What is expected -> An exact reprint of all the records is the expected answer.

(Extracted records)

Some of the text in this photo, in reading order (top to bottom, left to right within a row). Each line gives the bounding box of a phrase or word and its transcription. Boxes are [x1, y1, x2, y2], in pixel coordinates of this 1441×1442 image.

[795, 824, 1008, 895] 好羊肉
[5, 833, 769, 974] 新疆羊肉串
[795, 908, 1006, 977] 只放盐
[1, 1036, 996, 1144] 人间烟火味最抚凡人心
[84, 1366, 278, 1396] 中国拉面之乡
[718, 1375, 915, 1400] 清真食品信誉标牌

Solution to the problem ->
Some of the text in this photo, in reading order (top to bottom, left to right within a row). Each line gives the bounding box of a phrase or word and its transcription. Boxes are [x1, y1, x2, y2], in pixel coordinates of this 1441×1442 image.

[795, 824, 1008, 895] 好羊肉
[5, 833, 769, 974] 新疆羊肉串
[795, 908, 1006, 977] 只放盐
[1, 1036, 996, 1144] 人间烟火味最抚凡人心
[84, 1366, 278, 1396] 中国拉面之乡
[718, 1375, 915, 1400] 清真食品信誉标牌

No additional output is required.